If the length of a rectangle is increased by `62(1)/(2)%` and its breadth is decreased by `7(9)/(13)%`. Find the percentage change in area.

To find the percentage change in the area of a rectangle when the length is increased and the breadth is decreased, we can follow these steps: ### Step 1: Convert the percentage changes to fractions - The length is increased by \( 62 \frac{1}{2}\% \). - Convert \( 62 \frac{1}{2}\% \) to an improper fraction: \[ 62 \frac{1}{2} = \frac{125}{2} \% \] - The breadth is decreased by \( 7 \frac{9}{13}\% \). - Convert \( 7 \frac{9}{13}\% \) to an improper fraction: \[ 7 \frac{9}{13} = \frac{100}{13} \% \] ### Step 2: Calculate the net percentage change in area The formula for the percentage change in area when one dimension increases and the other decreases is: \[ \text{Percentage Change} = a + b - \frac{ab}{100} \] where \( a \) is the percentage increase and \( b \) is the percentage decrease.
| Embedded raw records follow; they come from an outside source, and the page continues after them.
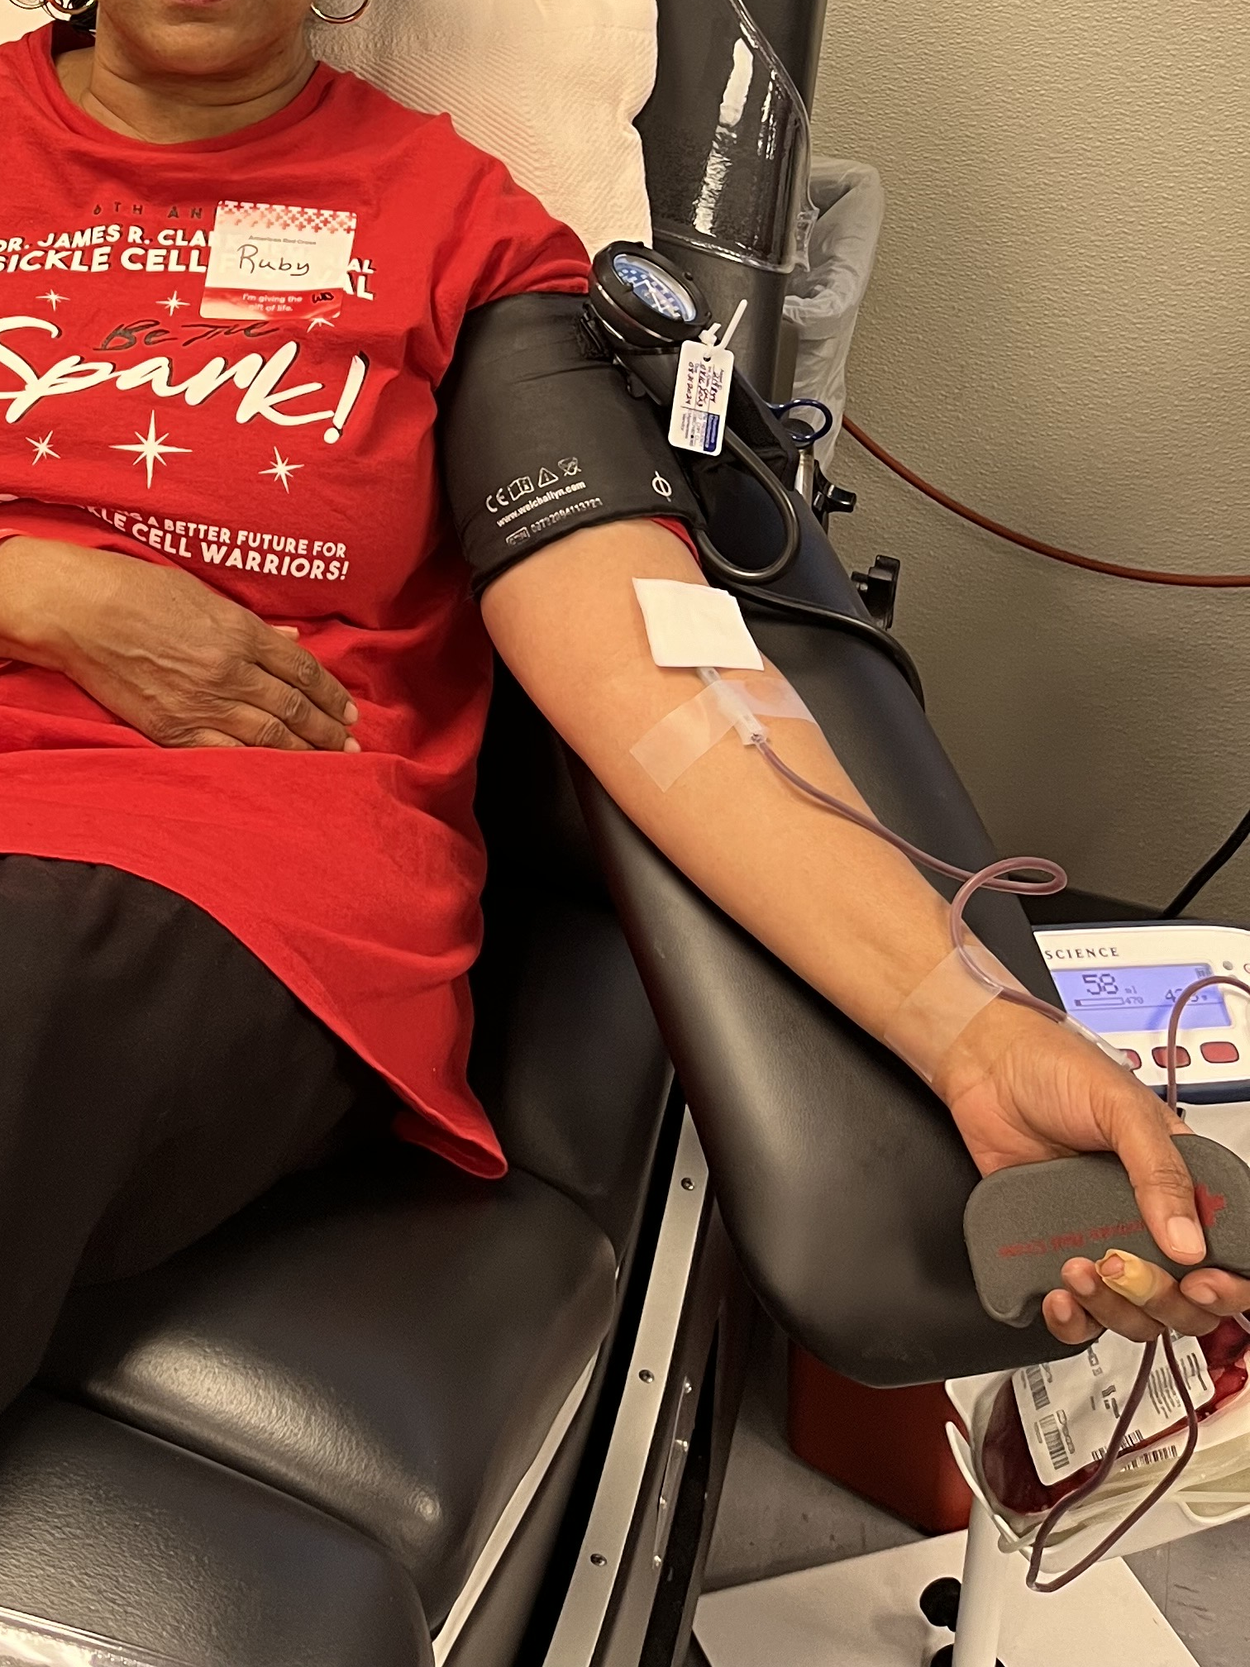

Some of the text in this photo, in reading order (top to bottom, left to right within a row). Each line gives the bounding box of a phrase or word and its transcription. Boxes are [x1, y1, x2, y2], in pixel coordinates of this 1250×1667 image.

[36, 224, 122, 249] JAMES
[127, 225, 151, 245] R.
[120, 246, 207, 273] CELL
[237, 243, 310, 277] Ruby
[258, 294, 285, 303] giving
[132, 522, 192, 559] CELL
[200, 541, 350, 581] WARRIORS!
[164, 518, 231, 544] BETTER
[236, 529, 308, 555] FUTURE
[312, 540, 347, 559] FOR
[1044, 947, 1120, 960] SCIENCE
[1081, 973, 1120, 996] 58
Here, we have: - \( a = \frac{125}{2} \) - \( b = -\frac{100}{13} \) Substituting these values into the formula: \[ \text{Percentage Change} = \frac{125}{2} - \frac{100}{13} - \frac{\left(\frac{125}{2} \cdot \frac{100}{13}\right)}{100} \] ### Step 3: Simplifying the expression First, calculate \( \frac{125}{2} \cdot \frac{100}{13} \): \[ \frac{125 \cdot 100}{2 \cdot 13} = \frac{12500}{26} \] Now, substituting back into the formula: \[ \text{Percentage Change} = \frac{125}{2} - \frac{100}{13} - \frac{12500}{2600} \] ### Step 4: Find a common denominator The common denominator for \( 2 \), \( 13 \), and \( 2600 \) is \( 2600 \). Convert each term: - \( \frac{125}{2} = \frac{125 \cdot 1300}{2600} = \frac{162500}{2600} \) - \( \frac{100}{13} = \frac{100 \cdot 200}{2600} = \frac{20000}{2600} \) Now substitute these back into the formula: \[ \text{Percentage Change} = \frac{162500}{2600} - \frac{20000}{2600} - \frac{12500}{2600} \] ### Step 5: Combine the fractions Combine the numerators: \[ \text{Percentage Change} = \frac{162500 - 20000 - 12500}{2600} = \frac{125000}{2600} \] ### Step 6: Simplify the fraction Now simplify \( \frac{125000}{2600} \): \[ \frac{125000 \div 2600}{2600 \div 2600} = \frac{125}{26} \] ### Step 7: Convert to percentage To convert \( \frac{125}{26} \) to a percentage: \[ \frac{125}{26} \approx 4.8077 \approx 48.08\% \] ### Final Result Since the result is positive, the percentage change in area is approximately \( 48.08\% \).